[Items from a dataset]
= = =
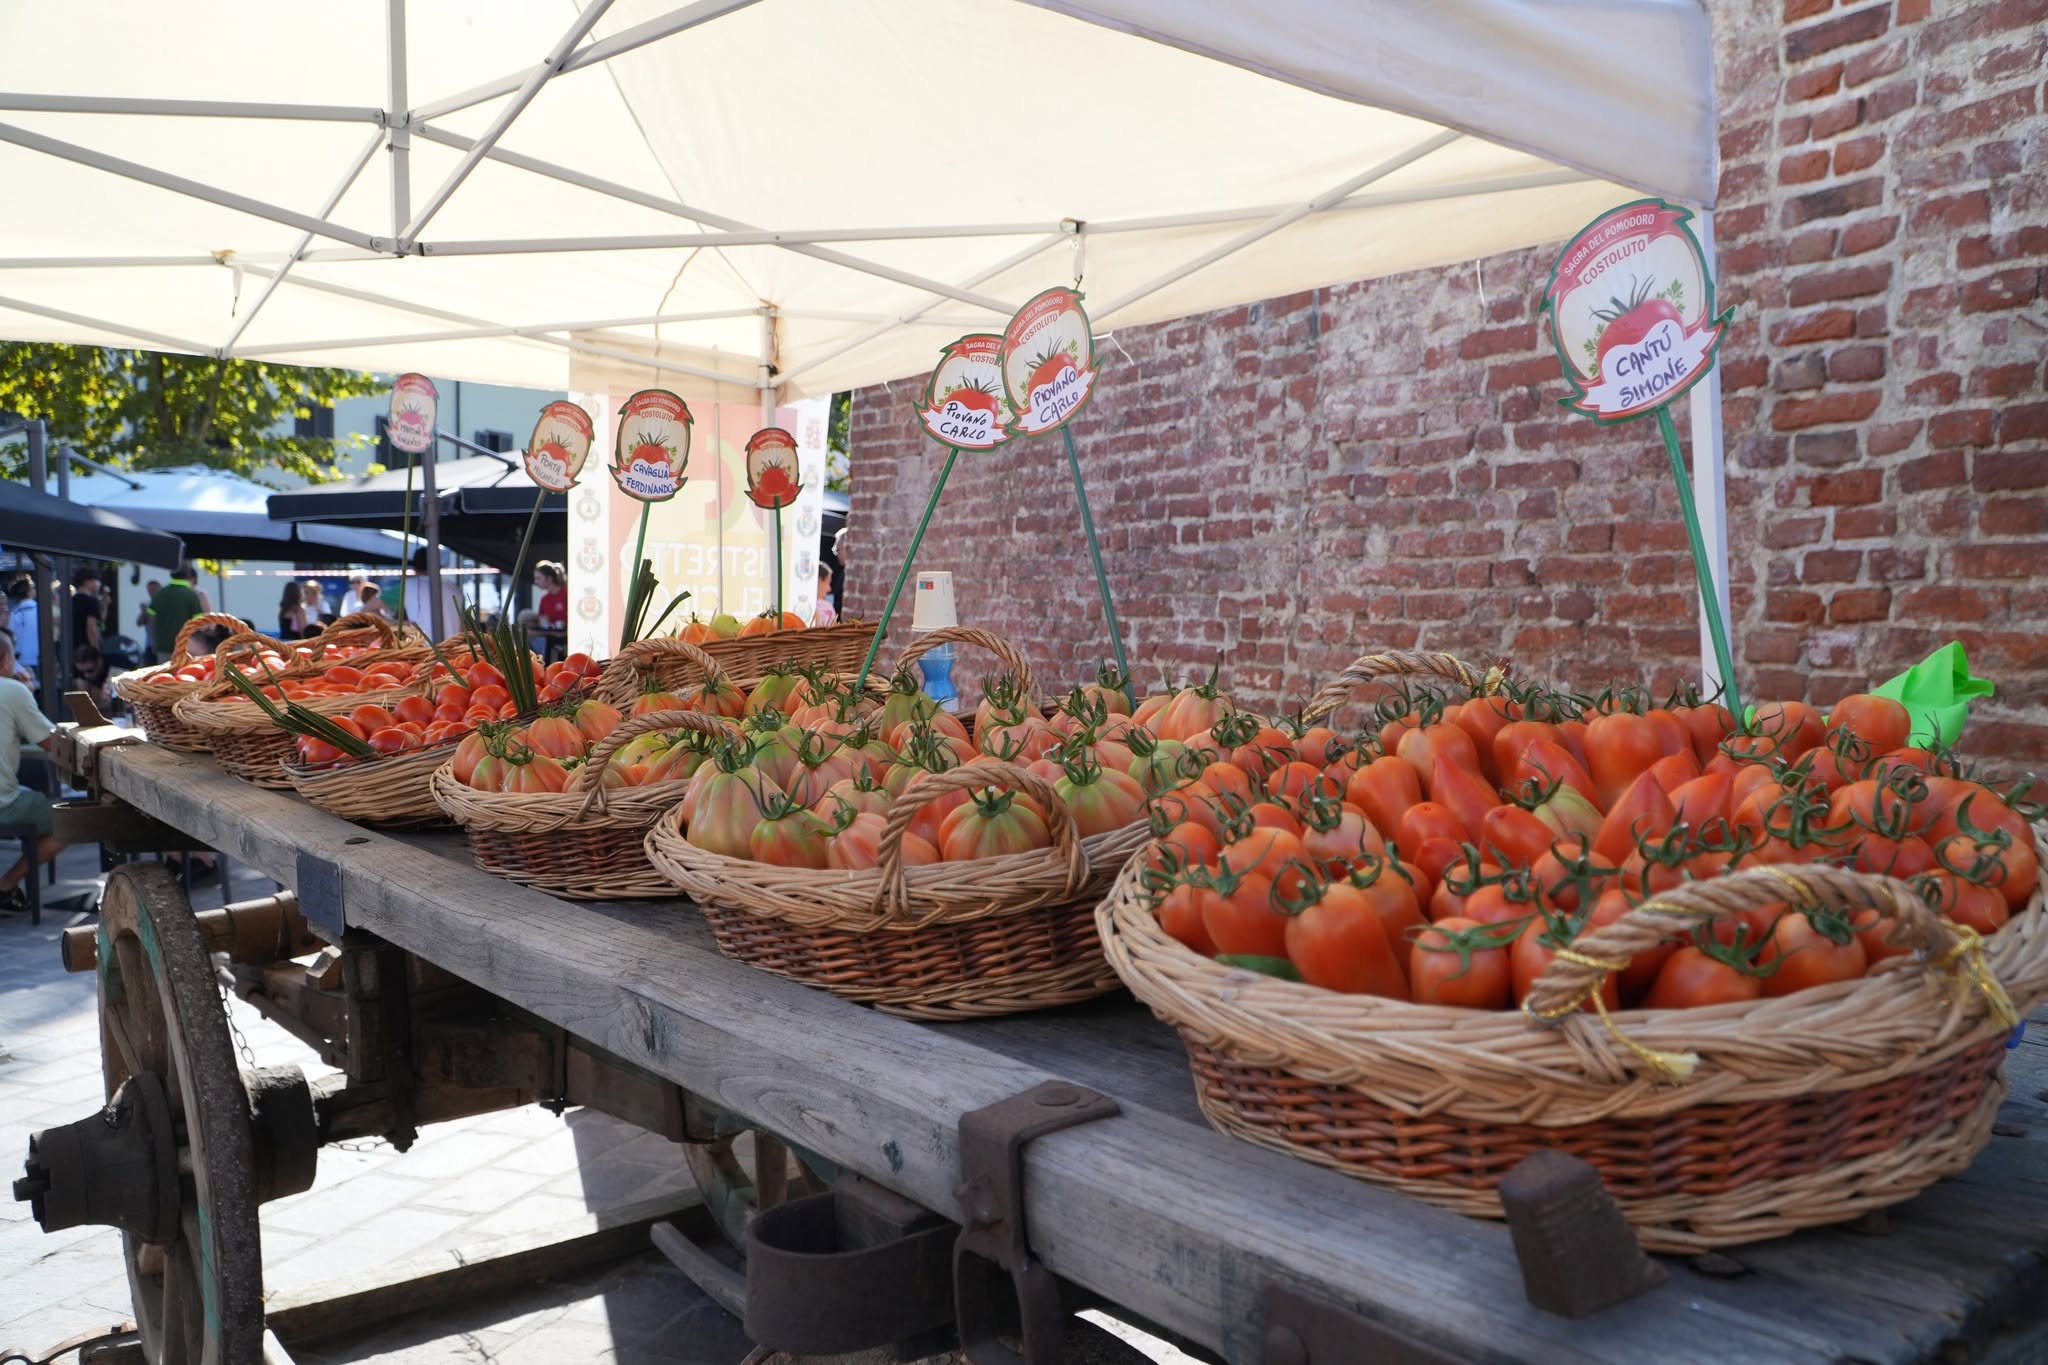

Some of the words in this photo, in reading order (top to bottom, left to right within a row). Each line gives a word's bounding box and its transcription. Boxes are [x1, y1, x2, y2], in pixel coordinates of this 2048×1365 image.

[1564, 246, 1590, 277] SAGRA
[1589, 235, 1606, 250] DEL
[1604, 213, 1655, 240] POMODORO
[1583, 239, 1646, 285] COSTOLUTO
[1010, 319, 1026, 340] SAGRA
[1024, 311, 1034, 322] DEL
[1034, 296, 1064, 314] POMODORO
[1020, 313, 1058, 345] COSTOLUTO
[965, 341, 985, 350] SAGRA
[985, 342, 997, 350] DEL
[1619, 357, 1688, 408] SIMONE
[641, 411, 673, 422] COSTOLUTO
[946, 402, 987, 426] PIOVANO
[1040, 391, 1079, 424] CARLO
[939, 421, 986, 440] CARLO
[533, 466, 560, 485] MICHELE
[540, 453, 561, 476] PORTA
[626, 477, 674, 494] FERDINANDO
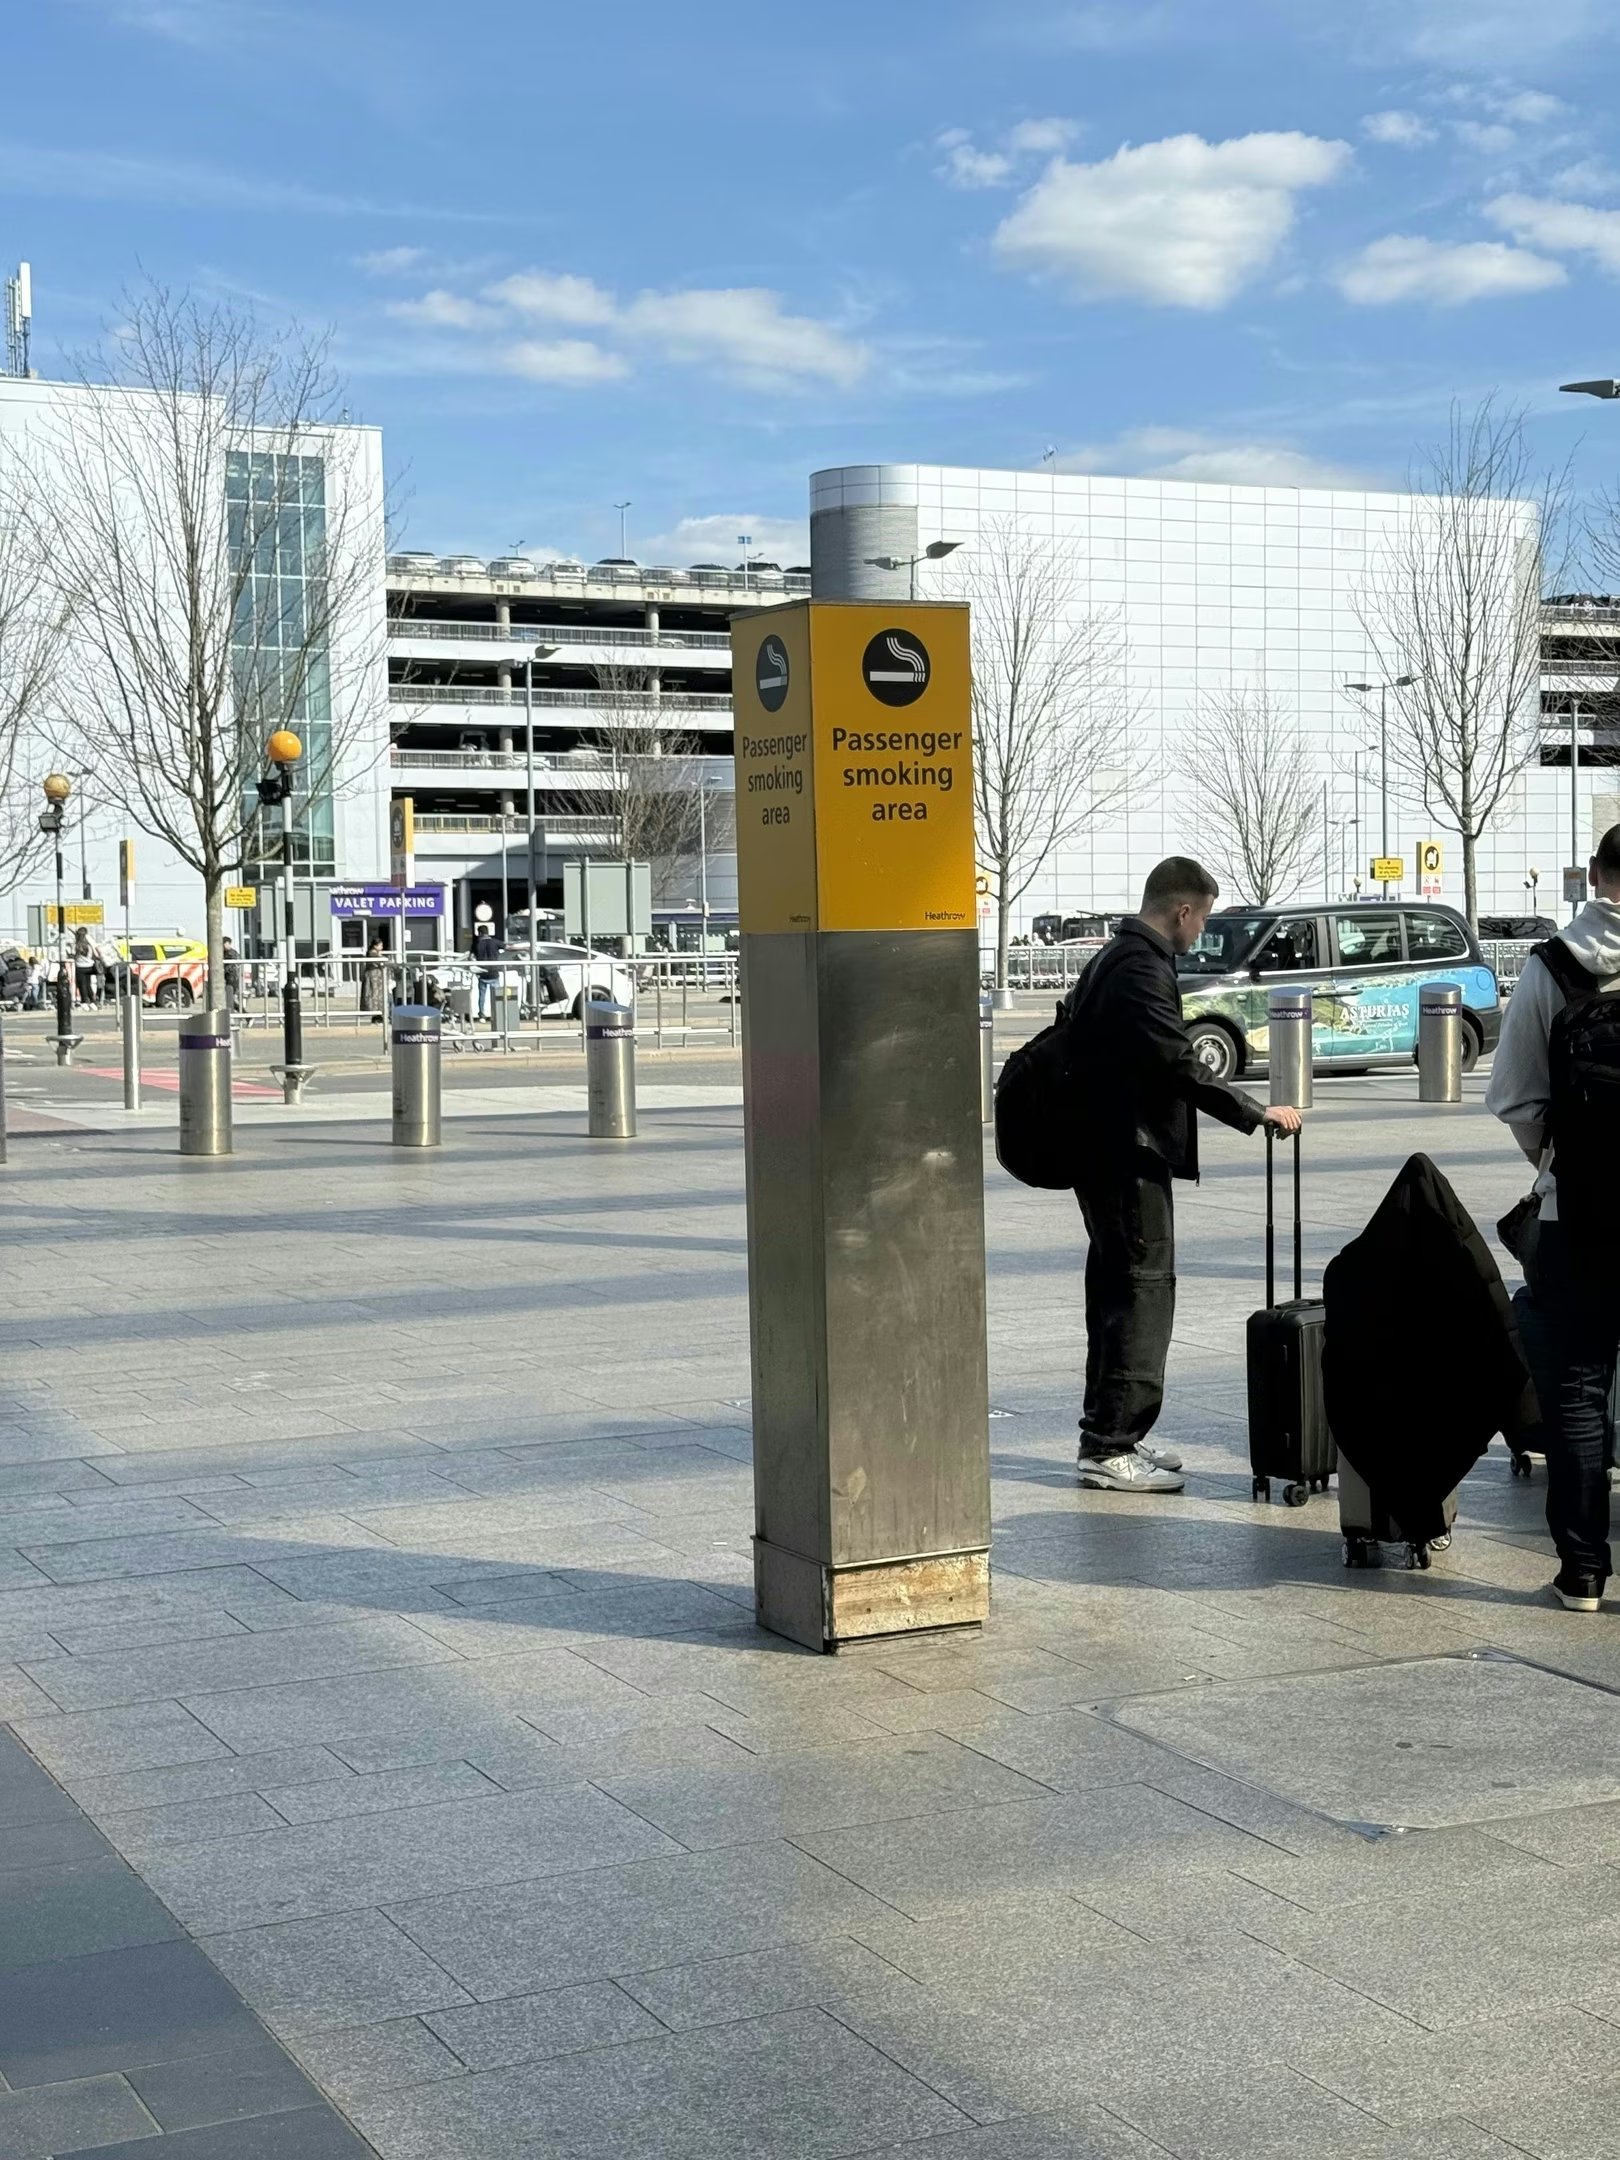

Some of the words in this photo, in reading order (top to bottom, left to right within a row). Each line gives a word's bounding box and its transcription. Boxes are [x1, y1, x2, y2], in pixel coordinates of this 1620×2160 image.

[742, 732, 808, 760] Passenger
[832, 727, 963, 757] Passenger
[748, 765, 803, 794] smoking
[843, 761, 953, 791] smoking
[762, 805, 790, 825] area
[872, 802, 927, 821] area
[335, 897, 375, 908] VALET
[380, 896, 435, 908] PARKING
[925, 911, 966, 920] Heathrow
[1340, 1004, 1409, 1020] ASTURIAS
[1422, 1007, 1457, 1015] Heathrow
[400, 1033, 439, 1042] Heathrow
= = =
▶ **Exercise prompt**
Please give an exact printout of all the records, pictures aside.

▶ **Written answer**
Some of the words in this photo, in reading order (top to bottom, left to right within a row). Each line gives a word's bounding box and its transcription. Boxes are [x1, y1, x2, y2], in pixel coordinates of this 2048×1365 image.

[1564, 246, 1590, 277] SAGRA
[1589, 235, 1606, 250] DEL
[1604, 213, 1655, 240] POMODORO
[1583, 239, 1646, 285] COSTOLUTO
[1010, 319, 1026, 340] SAGRA
[1024, 311, 1034, 322] DEL
[1034, 296, 1064, 314] POMODORO
[1020, 313, 1058, 345] COSTOLUTO
[965, 341, 985, 350] SAGRA
[985, 342, 997, 350] DEL
[1619, 357, 1688, 408] SIMONE
[641, 411, 673, 422] COSTOLUTO
[946, 402, 987, 426] PIOVANO
[1040, 391, 1079, 424] CARLO
[939, 421, 986, 440] CARLO
[533, 466, 560, 485] MICHELE
[540, 453, 561, 476] PORTA
[626, 477, 674, 494] FERDINANDO

Some of the words in this photo, in reading order (top to bottom, left to right within a row). Each line gives a word's bounding box and its transcription. Boxes are [x1, y1, x2, y2], in pixel coordinates of this 1620×2160 image.

[742, 732, 808, 760] Passenger
[832, 727, 963, 757] Passenger
[748, 765, 803, 794] smoking
[843, 761, 953, 791] smoking
[762, 805, 790, 825] area
[872, 802, 927, 821] area
[335, 897, 375, 908] VALET
[380, 896, 435, 908] PARKING
[925, 911, 966, 920] Heathrow
[1340, 1004, 1409, 1020] ASTURIAS
[1422, 1007, 1457, 1015] Heathrow
[400, 1033, 439, 1042] Heathrow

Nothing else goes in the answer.